Josephine W. Johnson, Die Novemberschwestern

  • Zur Autorin:


    Josephine W. Johnson (1910–1990) erhielt für ihren Debütroman »Die November-Schwestern« mit 24 Jahren den Pulitzer-Preis und war die bis dahin jüngste Preisträgerin der prestigereichen Auszeichnung. Sie studierte an der Washington University und schrieb insgesamt elf Bücher, darunter den Bestseller „The Inland Island“ (1969). Aus heutiger Sicht kann sie als Feministin und Umweltschützerin gelten, die geprägt war durch eine Welt der Ungleichheit und Ausbeutung, auf die sie uns mit ihren Werken aufmerksam macht.


    Klappentext:


    Die Anstellung eines jungen Mannes auf der elterlichen Farm bringt das Leben der drei Haldmarne-Schwestern durcheinander, das im fragilen Gleichgewicht der Jahreszeiten verläuft. Als dann der Regen ausbleibt und damit die Ernte im Herbst, wird der November zu einem Ende und zugleich zu einem Anfang. Nicht nur Margets Blick auf die älteste Schwester Kerrin verändert sich grundlegend, nachhaltig verändert ist ihr Blick auf das eigene Leben und die Chancen, die es zu ergreifen gilt.

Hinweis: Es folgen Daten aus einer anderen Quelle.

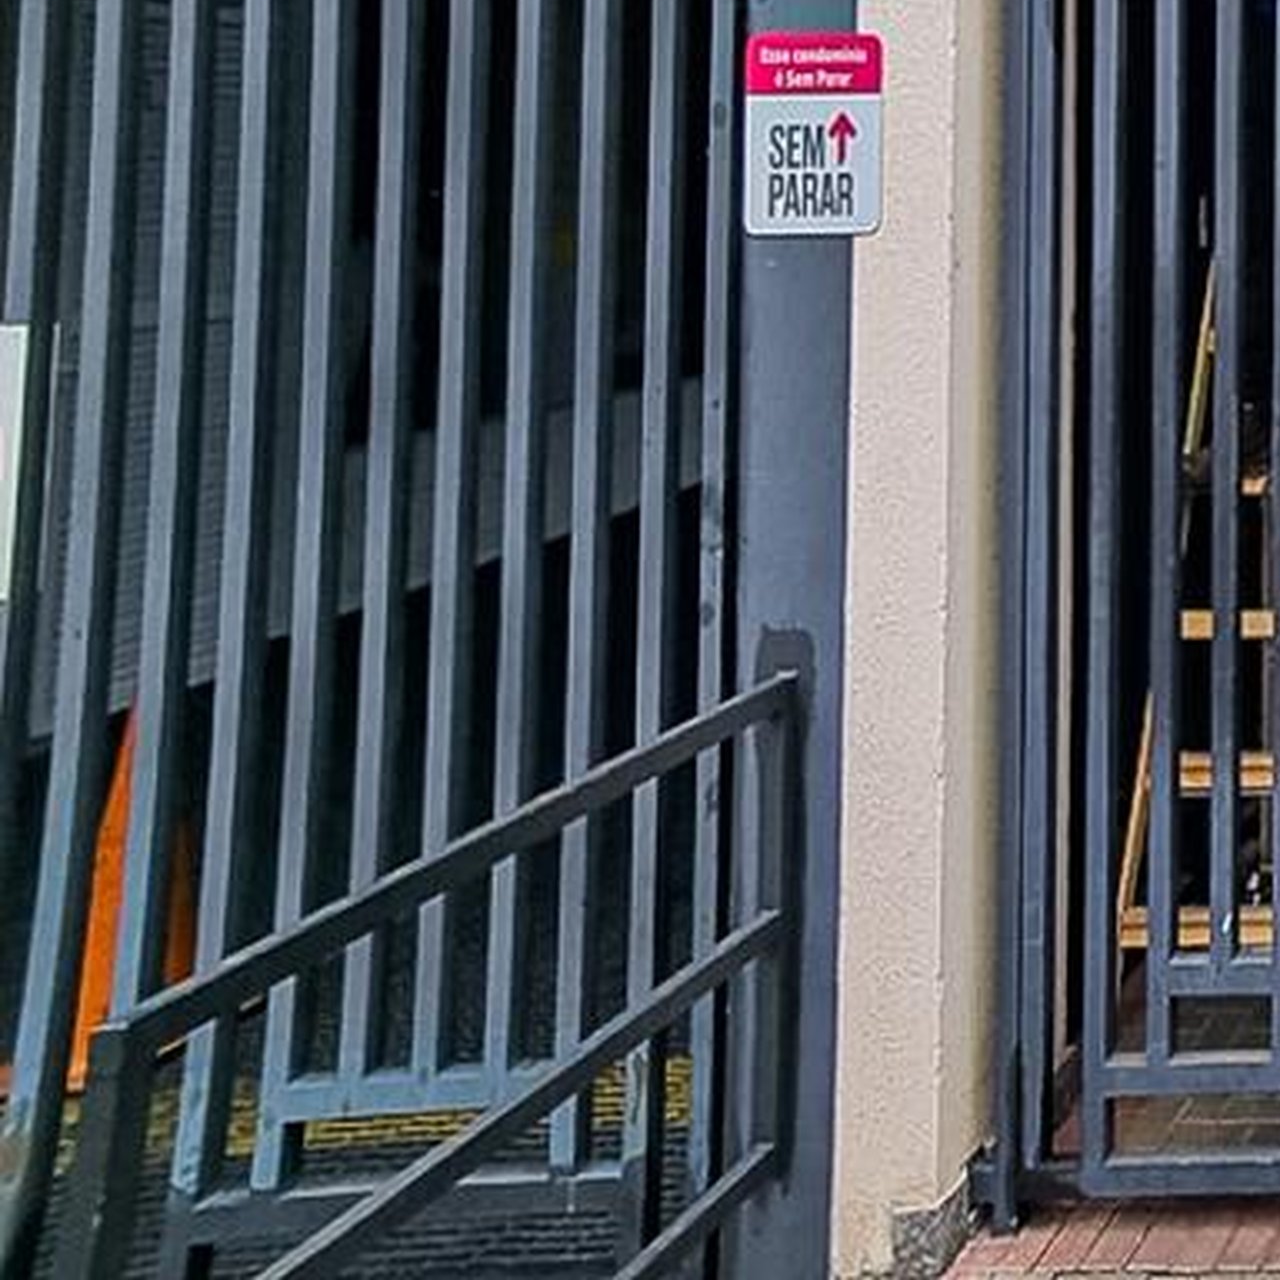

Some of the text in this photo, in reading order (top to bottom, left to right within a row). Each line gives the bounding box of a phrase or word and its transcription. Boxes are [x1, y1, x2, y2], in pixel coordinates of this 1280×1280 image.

[786, 69, 815, 88] Sem
[816, 69, 854, 88] Parar
[768, 123, 826, 170] SEM
[768, 173, 854, 217] PARAR

    Mit gerade einmal 24 Jahren erhielt Josephine Johnson für ihren Debütroman »Die November-Schwestern« den Pulitzer-Preis. Aktuell wird sie international neu entdeckt – dank ihres einzigartigen Sounds und der Themen, mit denen sie ihrer Zeit weit voraus war.


    Mein Lese-Eindruck:


    Josephine Johnson versetzt uns in ihre Zeit und in ihr Land: in das Amerika der 30er Jahre, das durch die Große Depression gebeutelt wird. Ihr erster Satz „Jetzt im November sehe ich unsere Jahre im Ganzen. “ zeigt nicht nur das Erzählen aus dem Rückblick, sondern vor allem schon die elegische Grundstimmung, die über dem ganzen Roman liegt.

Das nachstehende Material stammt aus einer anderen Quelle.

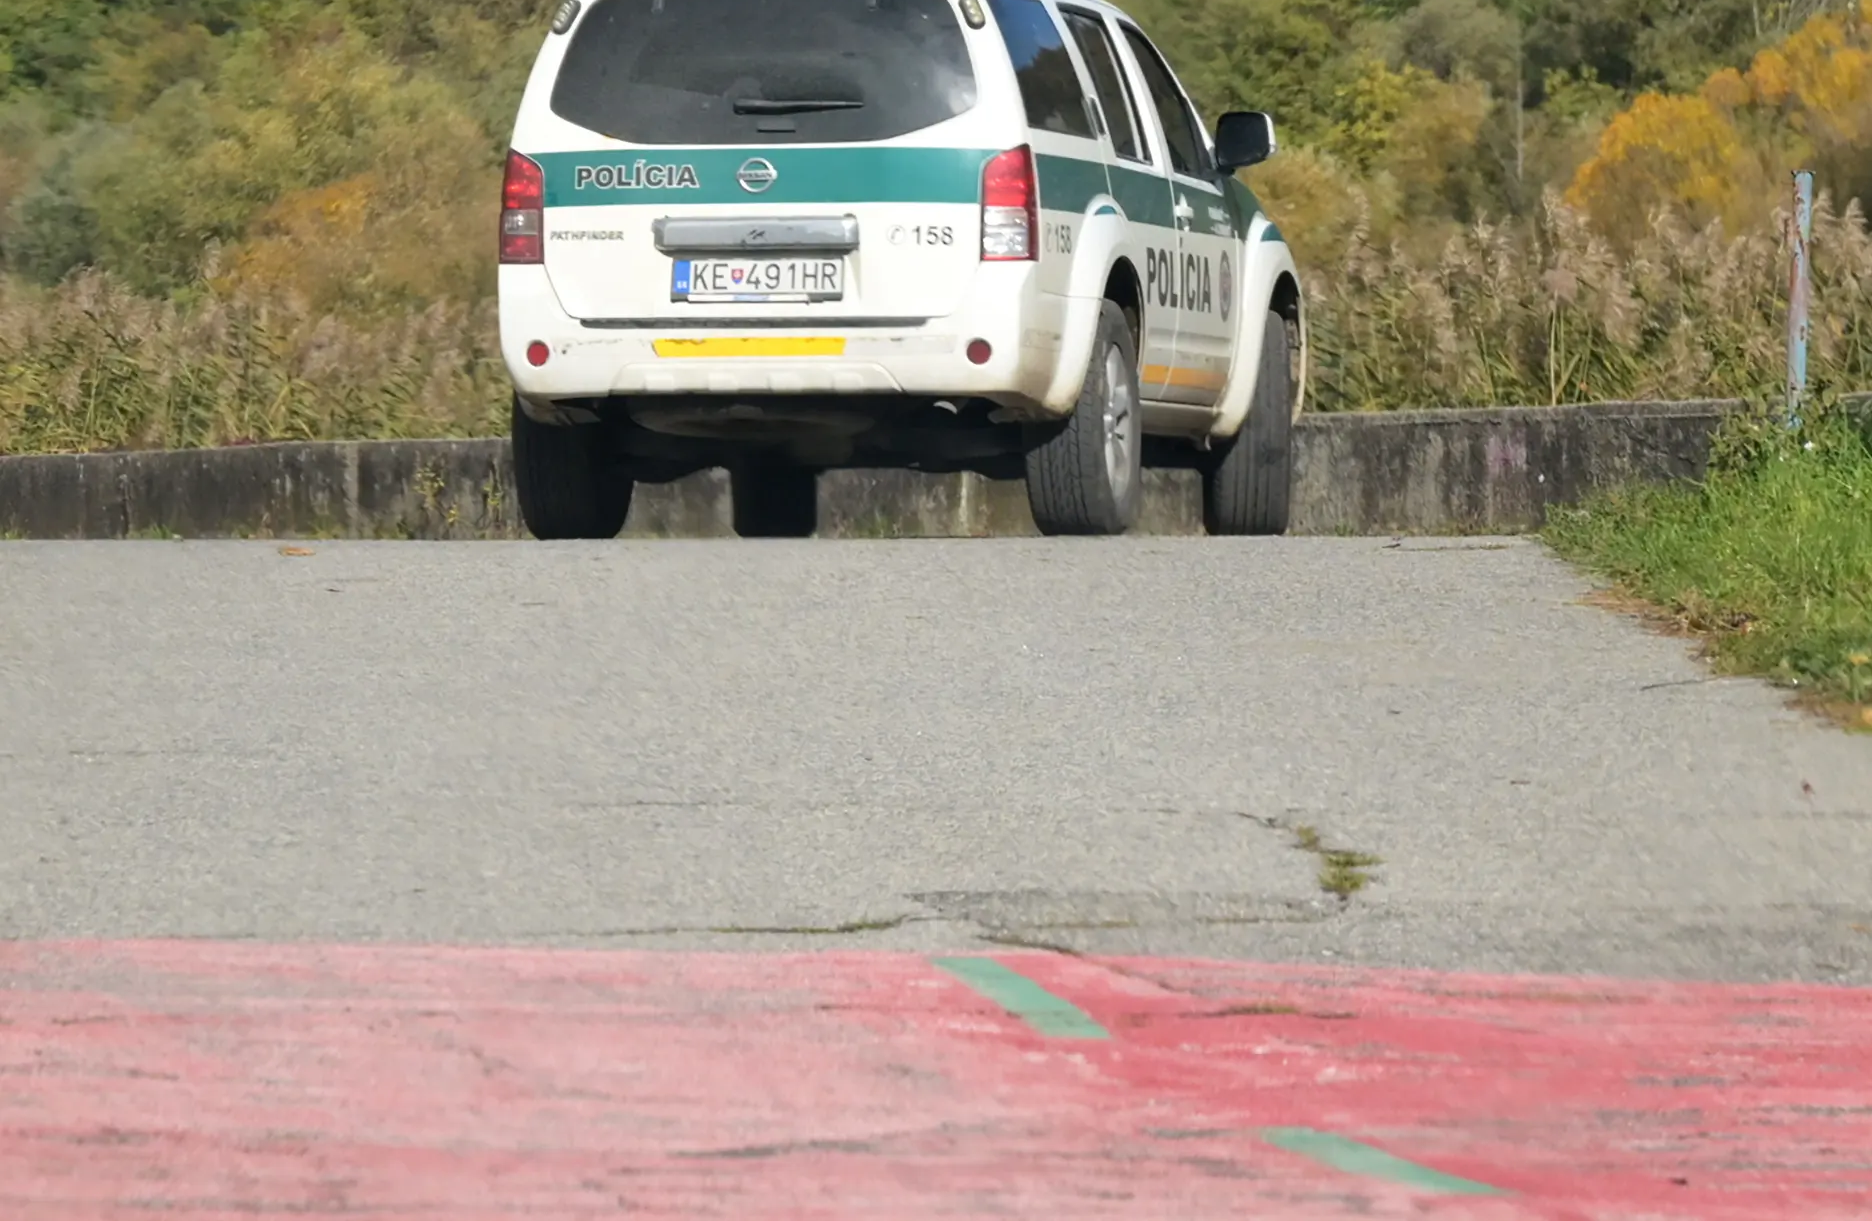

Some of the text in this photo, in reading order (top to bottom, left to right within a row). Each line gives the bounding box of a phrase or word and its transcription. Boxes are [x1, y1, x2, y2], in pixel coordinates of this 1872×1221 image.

[574, 159, 700, 189] POLÍCIA
[550, 230, 625, 241] PATHFINDER
[911, 225, 954, 246] 158
[1055, 224, 1073, 254] 158
[693, 263, 838, 290] KE 491HR
[1146, 237, 1212, 314] POLÍCIA
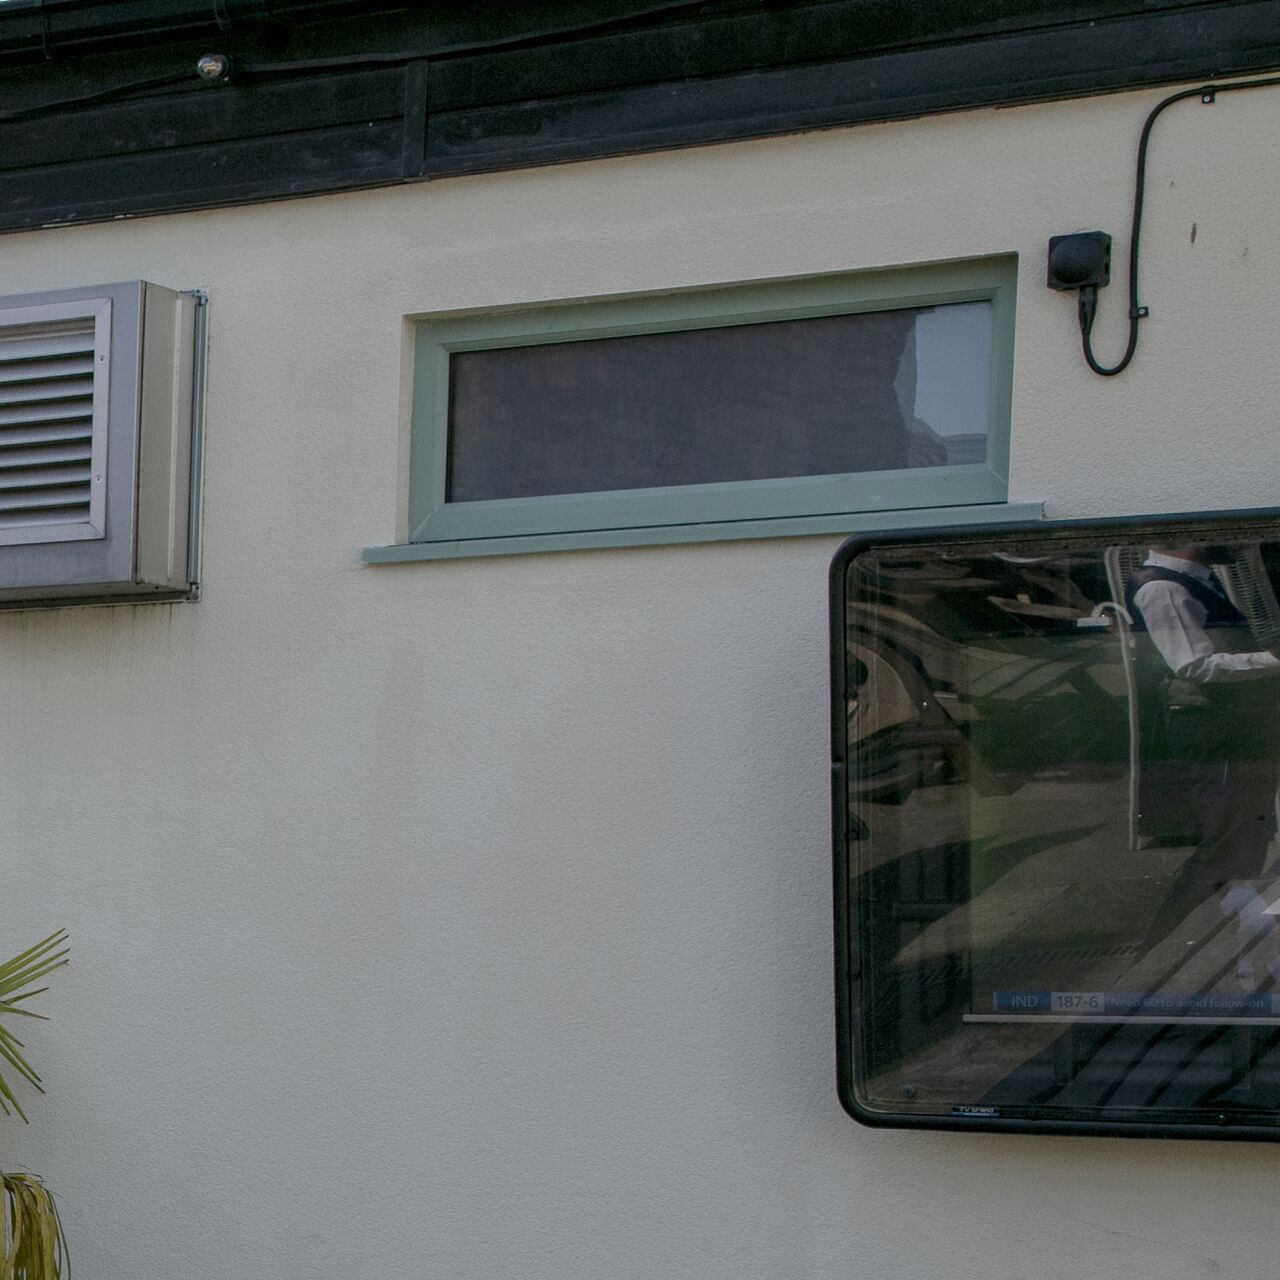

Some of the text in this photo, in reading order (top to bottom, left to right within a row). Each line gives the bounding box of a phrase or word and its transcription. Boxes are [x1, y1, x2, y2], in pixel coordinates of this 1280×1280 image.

[1011, 996, 1039, 1008] IND
[1056, 996, 1098, 1008] 187-6
[1160, 999, 1173, 1008] to
[1176, 998, 1207, 1008] avoid
[1209, 998, 1265, 1009] follow-on

    Im Mittelpunkt steht die Familie Haldmarne: Vater, Mutter, drei Töchter, wobei die mittlere die Ich-Erzählerin ist. Der Vater hat seine Arbeitsstelle und sein Geld verloren und versucht nun, als mittelloser Farmer auf einer vernachlässigten Farm über die Runden zu kommen. Er ist glücklos und oft verzweifelt und dem ständigen Kampf gegen die Tücken des Wetters kaum gewachsen. Die Angst vor dem drohenden Bankrott, die Abhängigkeit von den Marktbedingungen und die Aussichtslosigkeit seiner Lage machen ihn zu einem launischen und mürrischen Menschen.

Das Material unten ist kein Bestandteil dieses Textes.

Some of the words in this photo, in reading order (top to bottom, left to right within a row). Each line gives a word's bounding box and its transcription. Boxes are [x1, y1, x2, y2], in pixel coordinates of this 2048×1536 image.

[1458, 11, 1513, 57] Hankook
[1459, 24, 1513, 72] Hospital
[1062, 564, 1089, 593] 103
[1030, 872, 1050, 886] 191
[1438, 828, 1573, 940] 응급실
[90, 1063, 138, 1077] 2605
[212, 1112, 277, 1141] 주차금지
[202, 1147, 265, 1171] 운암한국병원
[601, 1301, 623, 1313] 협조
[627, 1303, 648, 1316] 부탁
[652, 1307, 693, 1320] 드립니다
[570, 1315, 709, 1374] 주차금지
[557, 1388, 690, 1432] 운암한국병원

    Darunter leidet vor allem die ältere Tochter Kerrin. Im Unterschied zu ihren Schwestern entzieht sie sich immer wieder der harten Arbeit auf der Farm und auch dem familiären Miteinander. Sie macht ihren glücklosen Vater für die Situation der Familie und vor allem für den Verlust ihrer Zukunftsträume verantwortlich, aber sie findet keine Möglichkeit, ihre Situation zu ändern. Die Anstellung eines Knechts wirkt in dieser gespannten Situation wie ein Katalysator, der unterdrückte Aggressionen freisetzt.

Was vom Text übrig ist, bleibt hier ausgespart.